WORK REQUEST>
Give the data below again exactly, and drop each picture from it.
:::
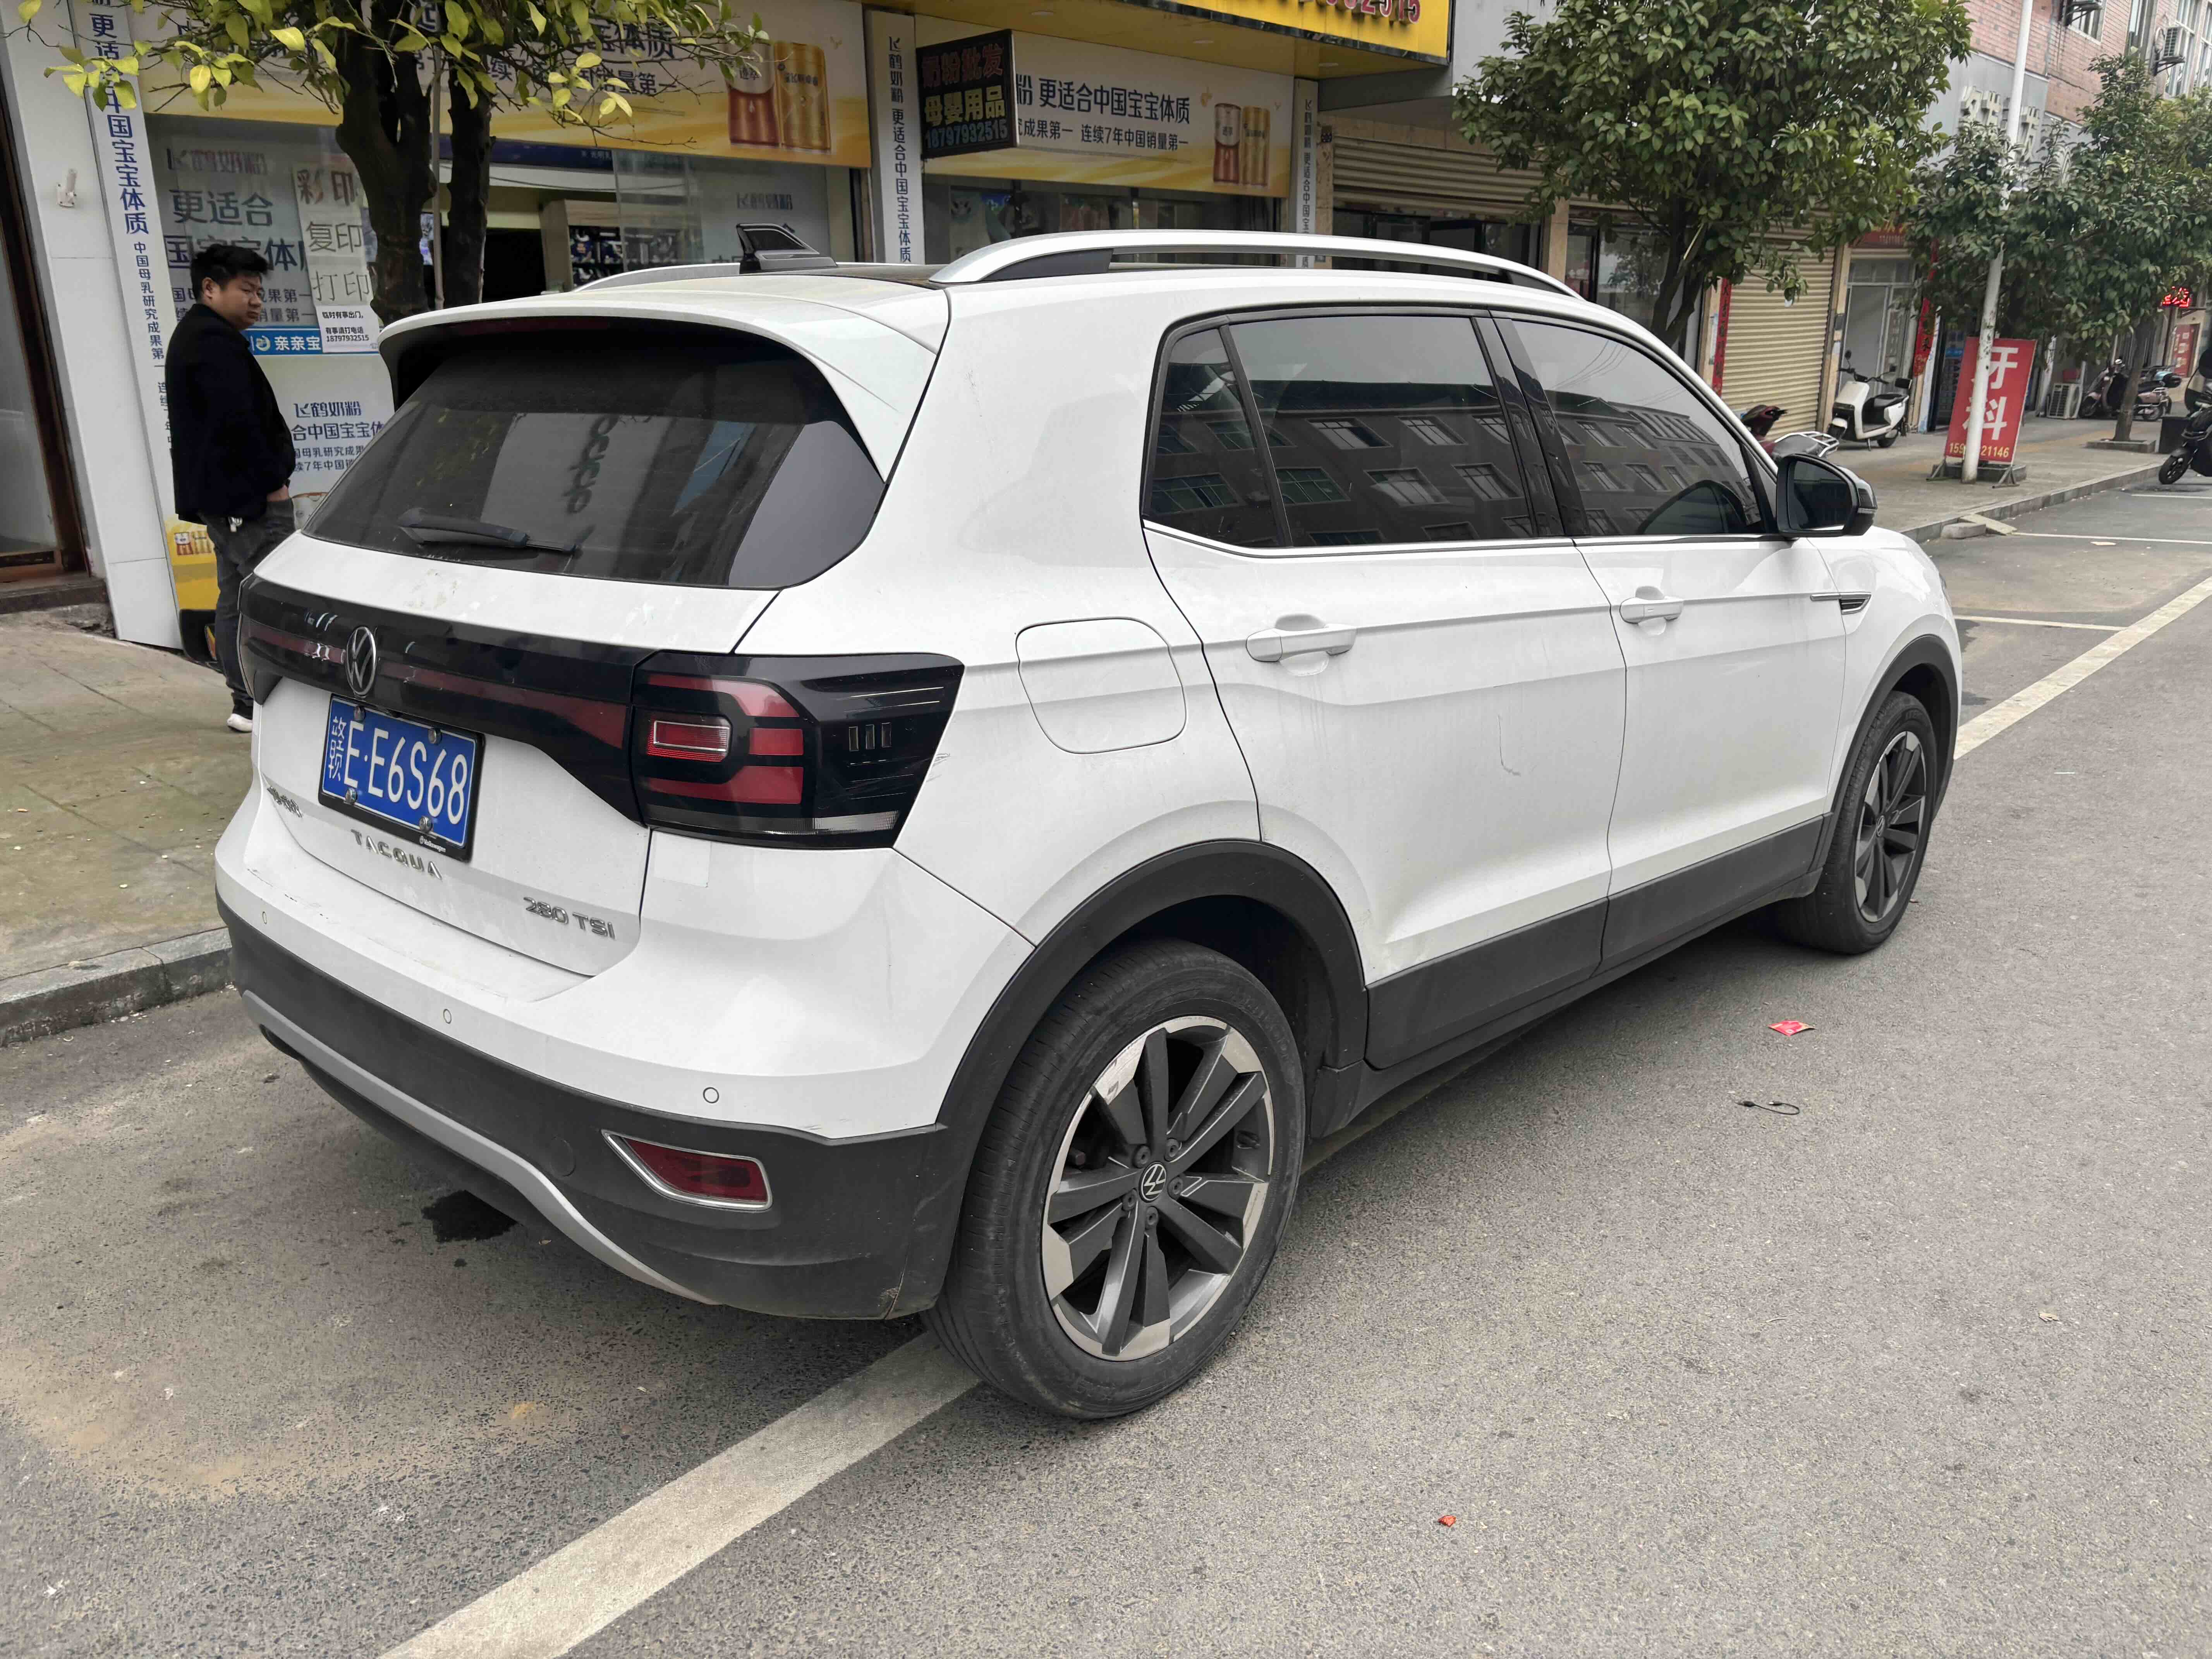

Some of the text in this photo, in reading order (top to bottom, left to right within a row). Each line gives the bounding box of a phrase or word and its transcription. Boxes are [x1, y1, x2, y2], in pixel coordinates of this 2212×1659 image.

[924, 85, 1006, 127] 母婴用品
[1039, 78, 1190, 124] 更适合中国宝宝体质
[924, 118, 1008, 148] 18797932515
[1081, 124, 1188, 151] 连续7年中国销量第一
[297, 169, 358, 205] 彩印
[892, 108, 911, 263] 更适合中国宝宝体质
[169, 189, 273, 227] 更适合
[305, 221, 362, 253] 复印
[134, 241, 165, 367] 中国母乳研究成果第一
[311, 271, 370, 301] 打印
[274, 335, 321, 350] 亲亲宝
[293, 401, 362, 418] 飞鹤奶粉
[350, 829, 443, 881] TACQUA
[523, 896, 616, 939] 280 TSI
:::
RESULT>
Some of the text in this photo, in reading order (top to bottom, left to right within a row). Each line gives the bounding box of a phrase or word and its transcription. Boxes are [x1, y1, x2, y2], in pixel coordinates of this 2212×1659 image.

[924, 85, 1006, 127] 母婴用品
[1039, 78, 1190, 124] 更适合中国宝宝体质
[924, 118, 1008, 148] 18797932515
[1081, 124, 1188, 151] 连续7年中国销量第一
[297, 169, 358, 205] 彩印
[892, 108, 911, 263] 更适合中国宝宝体质
[169, 189, 273, 227] 更适合
[305, 221, 362, 253] 复印
[134, 241, 165, 367] 中国母乳研究成果第一
[311, 271, 370, 301] 打印
[274, 335, 321, 350] 亲亲宝
[293, 401, 362, 418] 飞鹤奶粉
[350, 829, 443, 881] TACQUA
[523, 896, 616, 939] 280 TSI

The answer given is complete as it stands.